Your assignment -> Type the entries out again exactly as they read, but leave every picture behind.

Source information ->
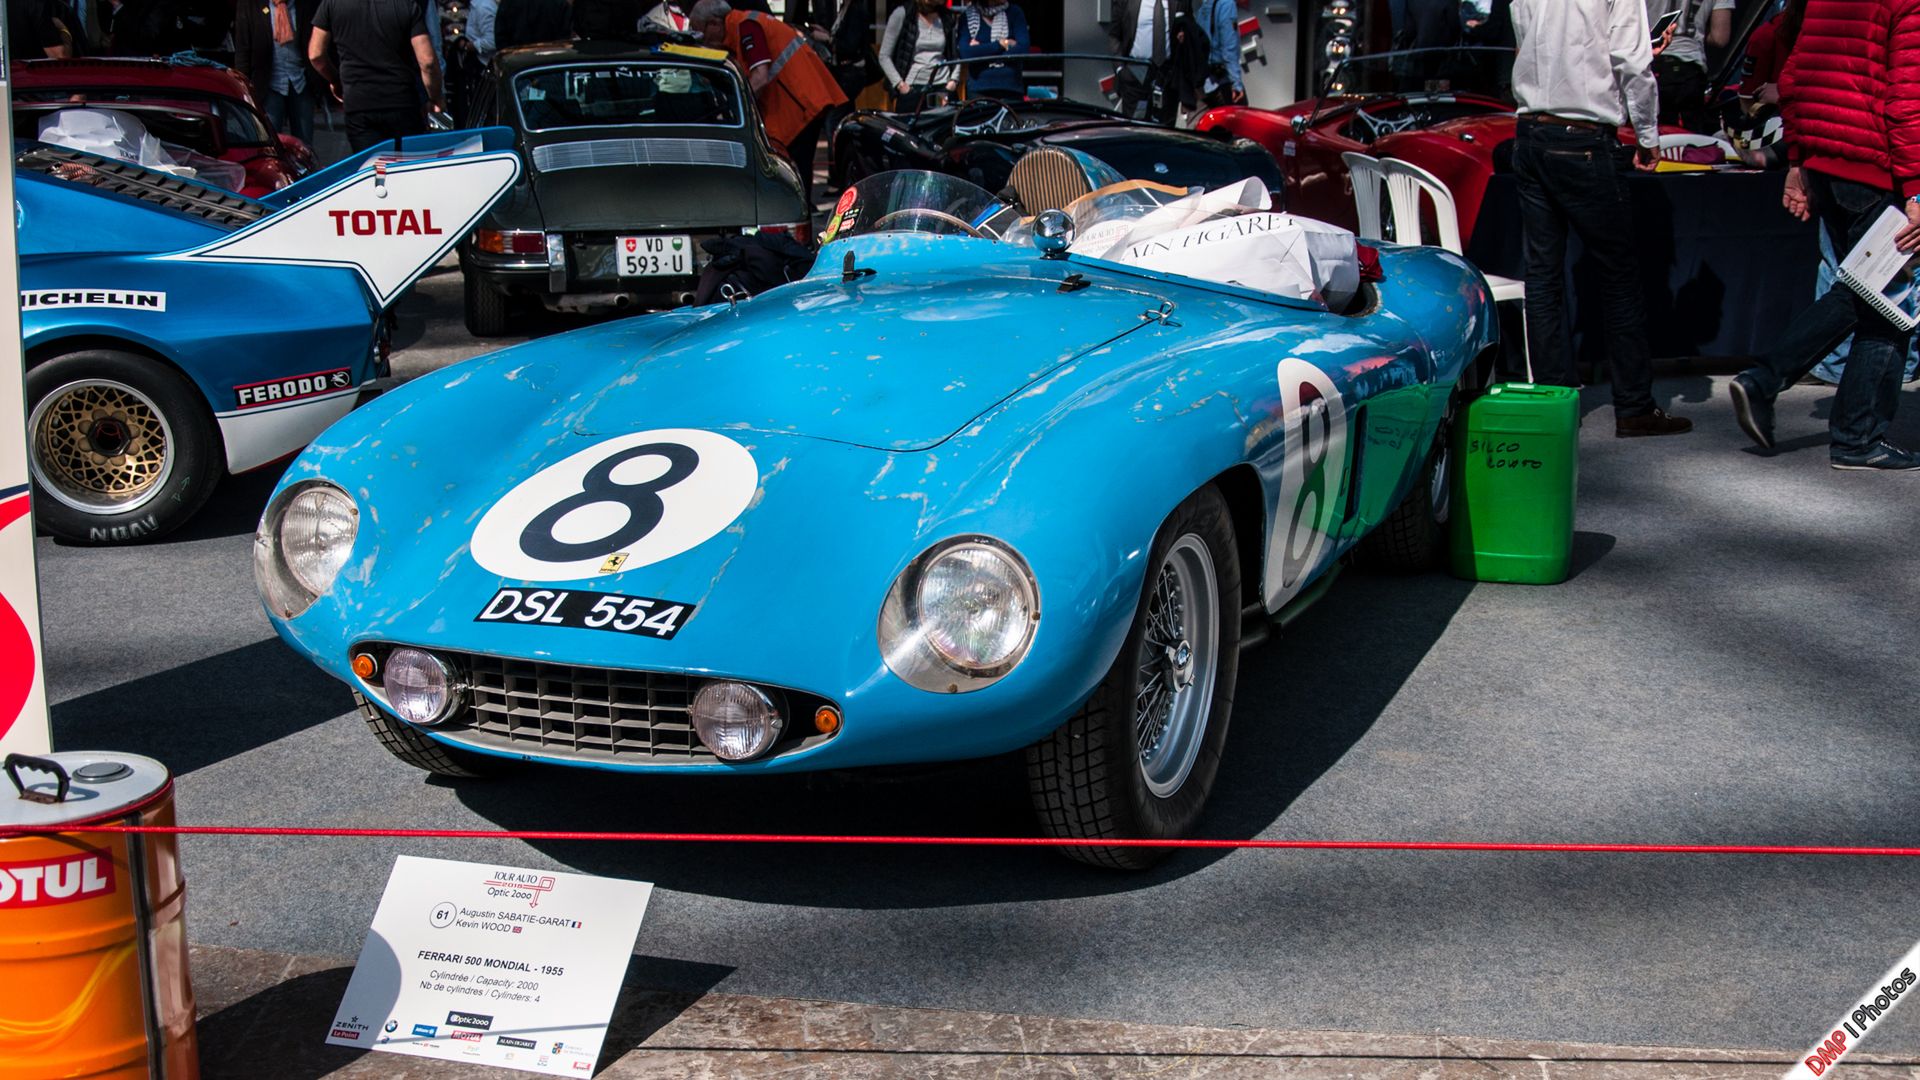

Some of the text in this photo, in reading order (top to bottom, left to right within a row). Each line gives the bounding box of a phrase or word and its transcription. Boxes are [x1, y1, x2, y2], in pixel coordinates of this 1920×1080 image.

[329, 209, 442, 236] TOTAL
[646, 238, 663, 252] VD
[239, 376, 327, 405] FERODO
[1282, 381, 1331, 588] 8
[519, 442, 700, 563] 8
[479, 589, 685, 636] DSL 554
[494, 871, 538, 884] TOUR AUTO
[487, 887, 532, 900] Optic 2000
[436, 910, 449, 920] 61
[459, 907, 572, 927] Augustin SABATIE-GARAT
[455, 919, 511, 933] Kevin WOOD
[417, 950, 463, 963] FERRARI
[464, 956, 482, 966] 500
[483, 958, 531, 972] MONDIAL
[540, 965, 564, 976] 1955
[429, 969, 469, 982] Cylindrée
[476, 975, 515, 990] Capacity:
[516, 981, 539, 991] 2000
[419, 980, 432, 990] Nb
[433, 982, 445, 991] de
[446, 984, 483, 997] cylindres
[490, 989, 532, 1003] Cylinders:
[534, 995, 541, 1003] 4
[335, 1021, 369, 1031] ZENITH
[341, 1031, 357, 1039] Point
[453, 1031, 480, 1041] MOTUL
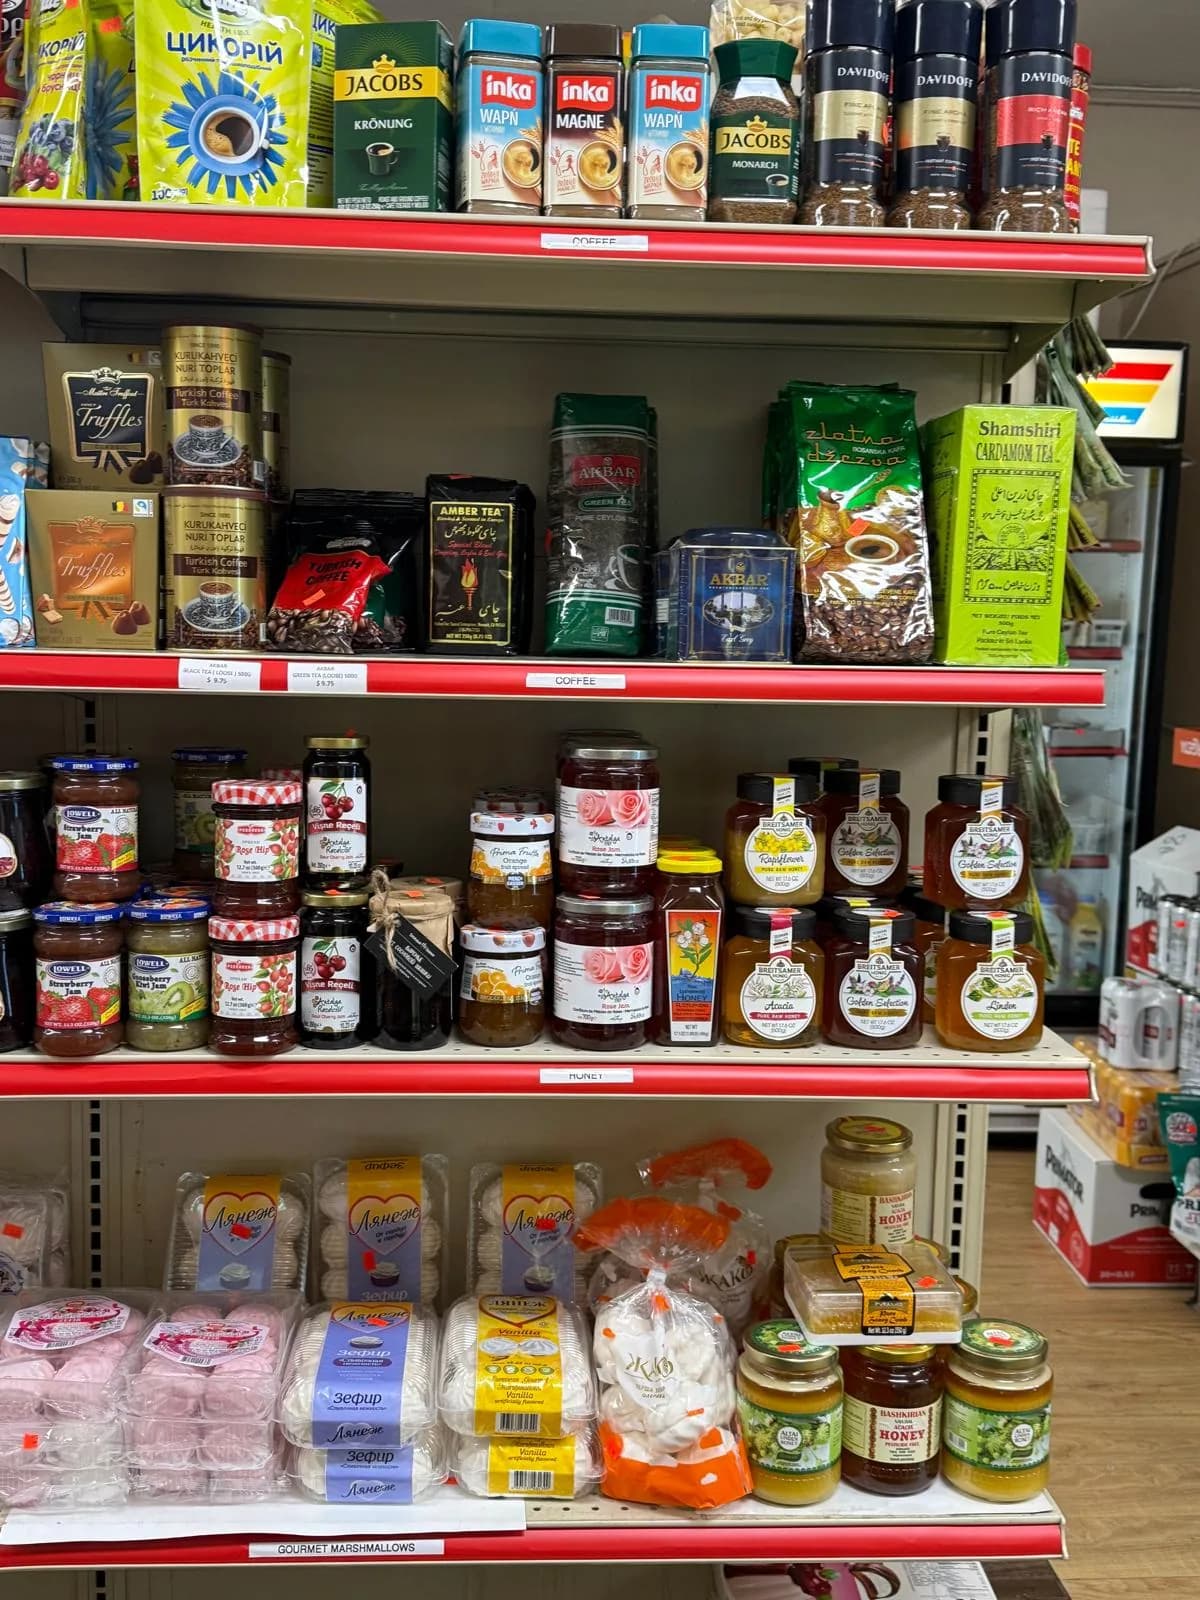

Response ->
Some of the text in this photo, in reading order (top to bottom, left to right within a row). Each line gives the bounding box of a phrase or word and its transcription. Boxes are [x1, y1, x2, y2], in pixel coordinates of this 1920×1080 image.

[329, 209, 442, 236] TOTAL
[646, 238, 663, 252] VD
[239, 376, 327, 405] FERODO
[1282, 381, 1331, 588] 8
[519, 442, 700, 563] 8
[479, 589, 685, 636] DSL 554
[494, 871, 538, 884] TOUR AUTO
[487, 887, 532, 900] Optic 2000
[436, 910, 449, 920] 61
[459, 907, 572, 927] Augustin SABATIE-GARAT
[455, 919, 511, 933] Kevin WOOD
[417, 950, 463, 963] FERRARI
[464, 956, 482, 966] 500
[483, 958, 531, 972] MONDIAL
[540, 965, 564, 976] 1955
[429, 969, 469, 982] Cylindrée
[476, 975, 515, 990] Capacity:
[516, 981, 539, 991] 2000
[419, 980, 432, 990] Nb
[433, 982, 445, 991] de
[446, 984, 483, 997] cylindres
[490, 989, 532, 1003] Cylinders:
[534, 995, 541, 1003] 4
[335, 1021, 369, 1031] ZENITH
[341, 1031, 357, 1039] Point
[453, 1031, 480, 1041] MOTUL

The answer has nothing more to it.